Les perspectives ne sont pas meilleures

«Les perspectives de l’industrie pétrolière ne sont guère encourageantes, a indiqué mercredi Fatih Birol, chef économiste de l’Agence internationale de l’énergie (AIE) qui regroupe les grands pays consommateurs. Nous pouvons parler de 2020 comme la pire année de notre histoire et du deuxième trimestre comme le plus désastreux. Et ce mois-ci? Il sera connu comme l'«Avril noir».» Selon lui, si le choc de l’offre est quelque peu contenu par la décision de réduire la production, la demande mondiale, elle, devrait s’effondrer de 9,3 millions de barils par jour (mbj) cette année. En cause, le grand confinement planétaire provoqué par le Covid-19.
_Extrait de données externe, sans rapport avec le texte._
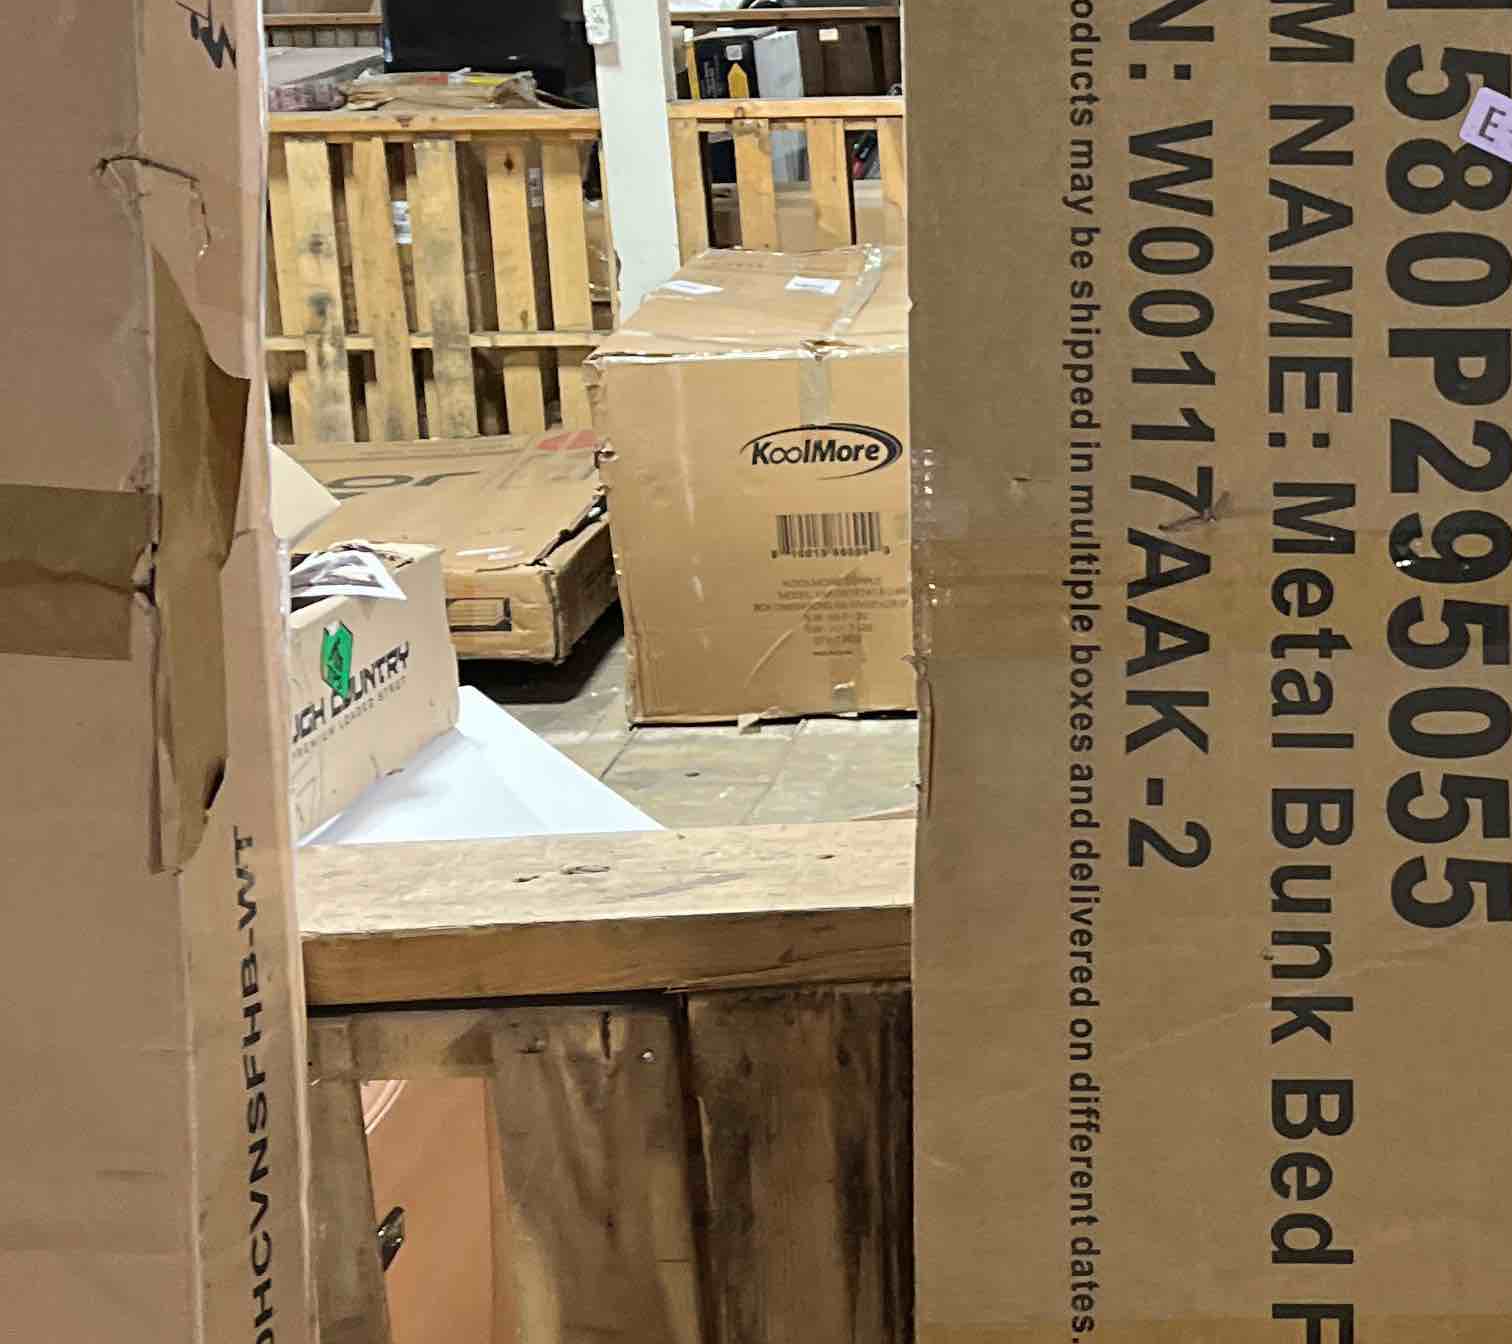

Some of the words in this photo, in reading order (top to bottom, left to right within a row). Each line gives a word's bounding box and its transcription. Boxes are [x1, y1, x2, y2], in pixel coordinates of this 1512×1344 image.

La consommation mondiale devrait s’établir autour de 90,6 mbj en 2020. Du jamais vu depuis 2012. Mais pour le seul mois d’avril, l’AIE prévoit une chute de 29 mbj par rapport à 2019. Elle devrait encore reculer de 26 mbj en mai, et de 15 mbj en juin. C’est face à ce désastre que l’Organisation des pays exportateurs de pétrole (OPEP) et ses pays partenaires, dont la Russie, grâce à l’intermédiation de Donald Trump, se sont accordés dimanche sur une baisse de production de 9,7 mbj à partir de mai.

Deux dollars le baril

En attendant, la production pléthorique demeure. Les stocks débordent. Des Etats profitent des prix bas pour alimenter les réserves stratégiques. Des négociants en rachètent aussi et mettent l'«or noir» à l’abri au large dans des pétroliers. Dans une intervention à la RTS mercredi matin, Marco Dunand, le patron de Mercuria, négociant de matières premières à Genève, a souligné que «la surproduction était telle que des barils s’échangeaient autour de 2 dollars, ce qui mettait les producteurs sous pression.»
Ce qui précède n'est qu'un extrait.